Note that document_text_detection is one of the functions they offered that specialises in very condensed texts that appears mostly in PDFs. If your PDF has words somewhat more scarce, it may be better to use their other text detection function which focuses more on in-the-wild images. More codes regarding the usage of Google API can be retrieved here: https://cloud.google.com/vision; you may also refer to codes in other languages (e.g., Java) if you are more familiar with them.
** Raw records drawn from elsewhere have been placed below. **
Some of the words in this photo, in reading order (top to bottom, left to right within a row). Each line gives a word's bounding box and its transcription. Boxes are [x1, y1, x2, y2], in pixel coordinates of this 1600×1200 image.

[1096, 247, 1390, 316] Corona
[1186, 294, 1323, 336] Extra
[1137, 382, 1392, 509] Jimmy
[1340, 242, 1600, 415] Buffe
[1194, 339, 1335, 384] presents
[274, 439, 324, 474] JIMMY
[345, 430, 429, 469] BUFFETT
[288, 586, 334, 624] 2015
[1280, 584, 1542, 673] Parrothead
There are also other OCR services/APIs from Amazon and Microsoft, and you can always use the PyTesseract library to train on your model for specific purposes.

Solutions in the Market

With a growing demand for table cell extraction and OCR techniques, large firms (e.g., Google, Amazon) utilize their large datasets to train highly accurate models for such tasks. Smaller niche solutions have also focused on training and providing customized services for these traditionally labour-intensive tasks. The following are a some solutions from different providers:

*Side Note: There are multiple OCR services that are targeted towards tasks such as images-in-the wild. Since our focus is on table cells, we assume the targeted images are mostly scanned documents in a fairly well-done manner.
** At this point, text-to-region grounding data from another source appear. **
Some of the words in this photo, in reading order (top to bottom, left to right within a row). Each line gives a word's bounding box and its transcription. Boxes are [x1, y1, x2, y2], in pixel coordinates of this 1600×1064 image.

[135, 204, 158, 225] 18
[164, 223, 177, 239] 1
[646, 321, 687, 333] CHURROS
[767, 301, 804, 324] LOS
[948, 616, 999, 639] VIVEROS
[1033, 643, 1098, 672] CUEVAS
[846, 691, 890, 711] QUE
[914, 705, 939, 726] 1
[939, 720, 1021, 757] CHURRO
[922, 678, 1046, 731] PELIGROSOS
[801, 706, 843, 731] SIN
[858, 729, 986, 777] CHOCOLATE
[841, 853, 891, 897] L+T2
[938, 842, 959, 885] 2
  • Amazon API: Besides Google API, Amazon is also a strong competitor in this space. The AWS crowdsourcing techniques provide them competitive advantages in accuracy in terms of border extraction. The tesseract engine also provides state-of-the-art results in OCR.
  • Online PDF Readers: Besides the priced solutions of Google and Amazon, there are also multiple online options to automatically detect tables (e.g., Docsumo). These methods however have accuracies with less reliability compared to APIs generated by big companies.
  • Nanonets -- With a highly skillful deep learning team, Nanonets Table Extraction is completely template and rule independent. Therefore, not only can Nanonets work on specific types of PDFs, it could also be applied onto any document types for text or table retrieval. Tasks such as extracting tables are also built-in, allowing flexible yet highly accurate retrieval from all types of documents.
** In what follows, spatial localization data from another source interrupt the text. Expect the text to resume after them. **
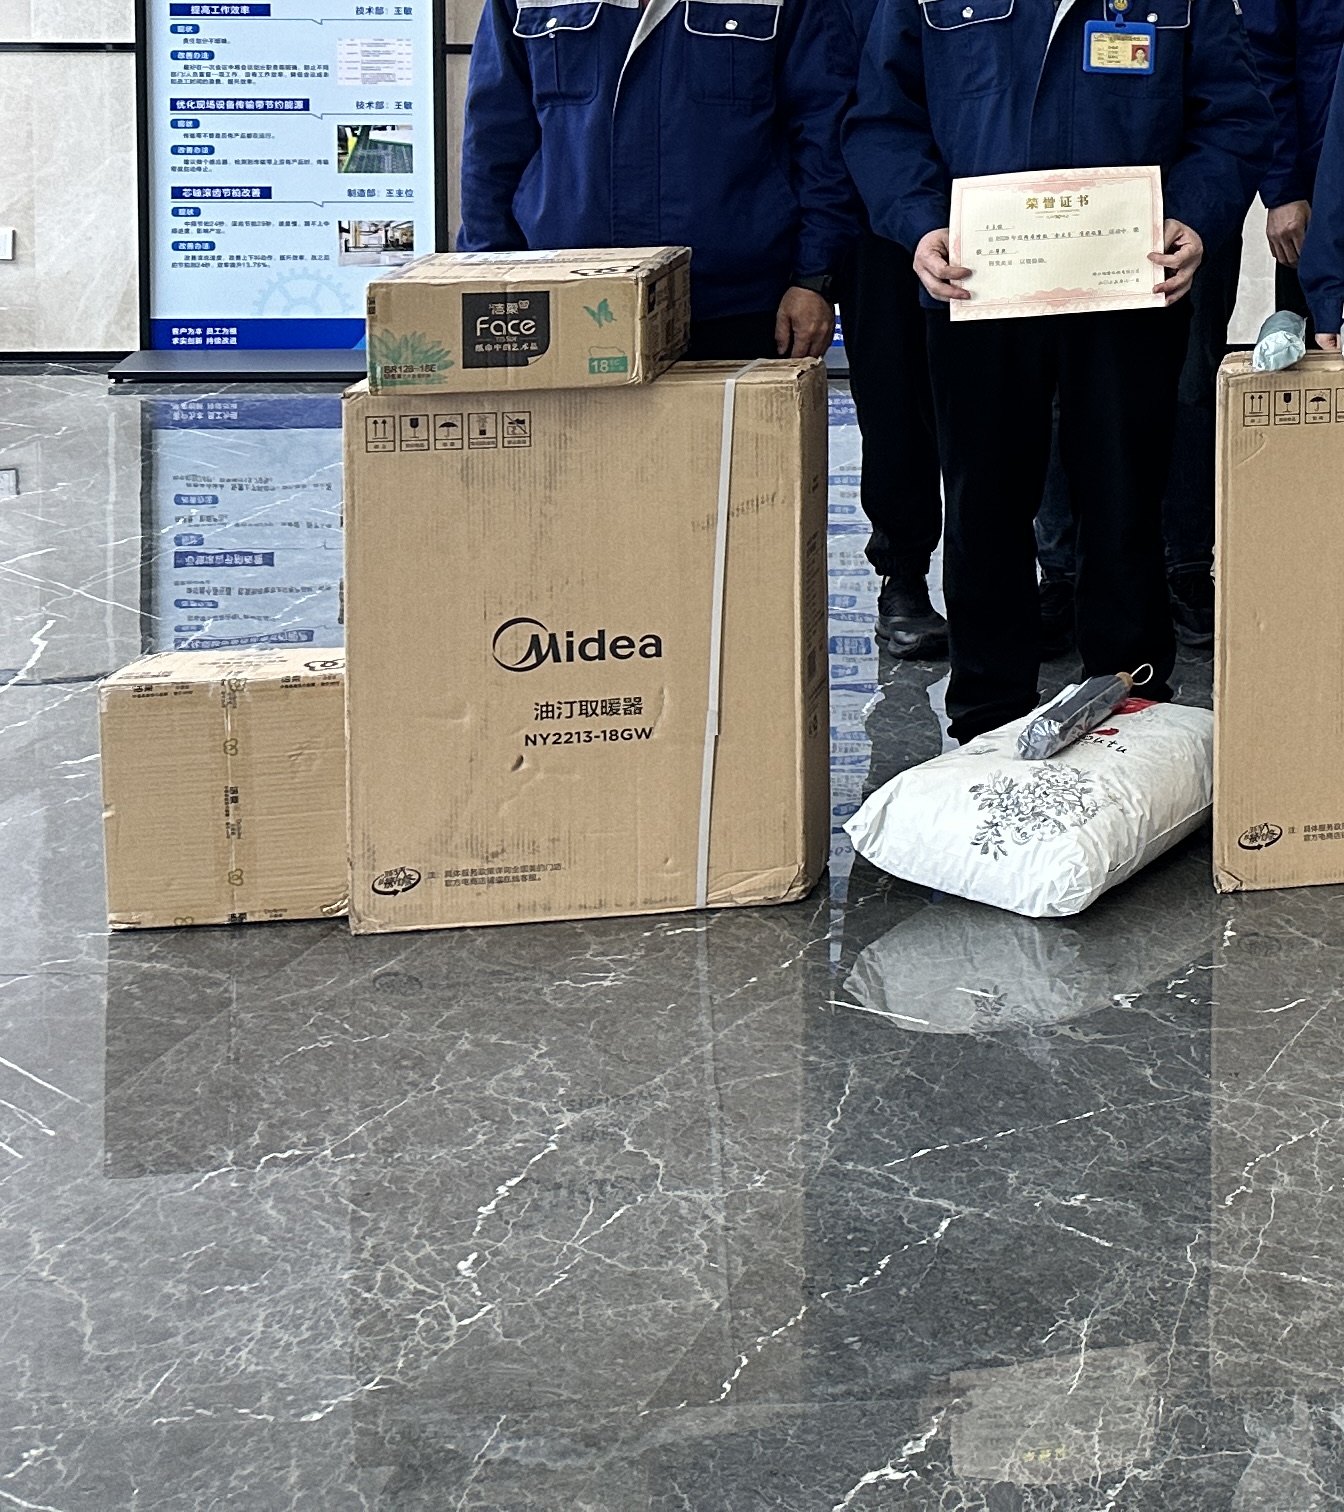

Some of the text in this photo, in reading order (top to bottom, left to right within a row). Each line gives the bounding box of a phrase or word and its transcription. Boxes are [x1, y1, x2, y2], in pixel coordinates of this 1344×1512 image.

[190, 5, 251, 15] 提高工作效率
[1025, 194, 1090, 210] 荣誉证书
[476, 316, 537, 336] Face
[492, 616, 663, 672] Midea
[533, 696, 644, 721] 油汀取暖器
[524, 726, 655, 747] NY2213-18GW
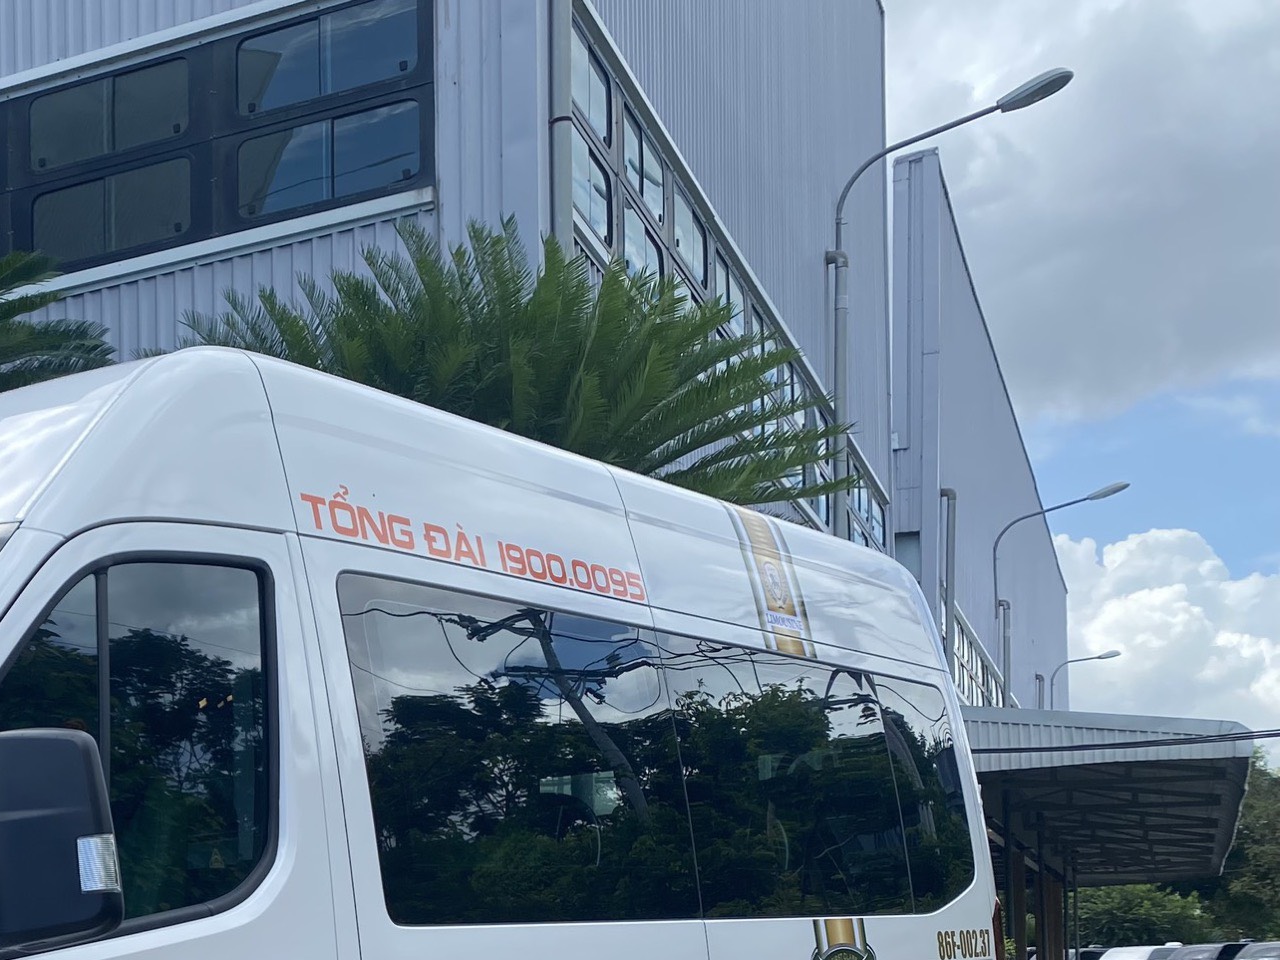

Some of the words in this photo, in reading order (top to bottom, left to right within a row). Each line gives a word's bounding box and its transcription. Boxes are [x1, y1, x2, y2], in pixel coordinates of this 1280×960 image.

[300, 484, 415, 550] TỔNG
[423, 502, 486, 567] ĐÀI
[497, 540, 646, 601] 1900.0095
[766, 612, 804, 631] LIMOUSINE
[937, 929, 991, 960] 86F-002.37
Nanonets - Entire Table in a Click

Nanonet’s automated AI system provides on par, or even better results than tech giants due to the range of data the models are exposed to. Given a PDF, Nanonets can easily detect not just single cells, but the entire formats of multiple tables in the matter of seconds. The following is a very simple tutorial on how to perform table cell detection in the most straightforward way on Nanonets.

Step 1.

Go to nanonets.com and register/log in.


Step 2.

After registration, go to the “Choose to get started” area, where all the pre-built extractors are made and click on the “Tables” tab for the extractor designed for extracting tabular data.

Step 3.

After a few seconds, the extract data page will pop up saying it is ready. Upload the file for extraction.

Step 4.

After processing, Nanonets can properly extract all the tabular information accurately, even skipping the empty spaces! The data can also be put into JSON for downloading and further computation.

Conclusion

The trend of digitalization is taking place in every industry, and converting scanned documents into machine-interpretable encodings is an important aspect of such transformation. Hopefully this article presents an in-depth overview of how some of the simple data extraction tasks from tables are performed while highlighting some novel technologies that have immense potential for more difficult image processing tasks.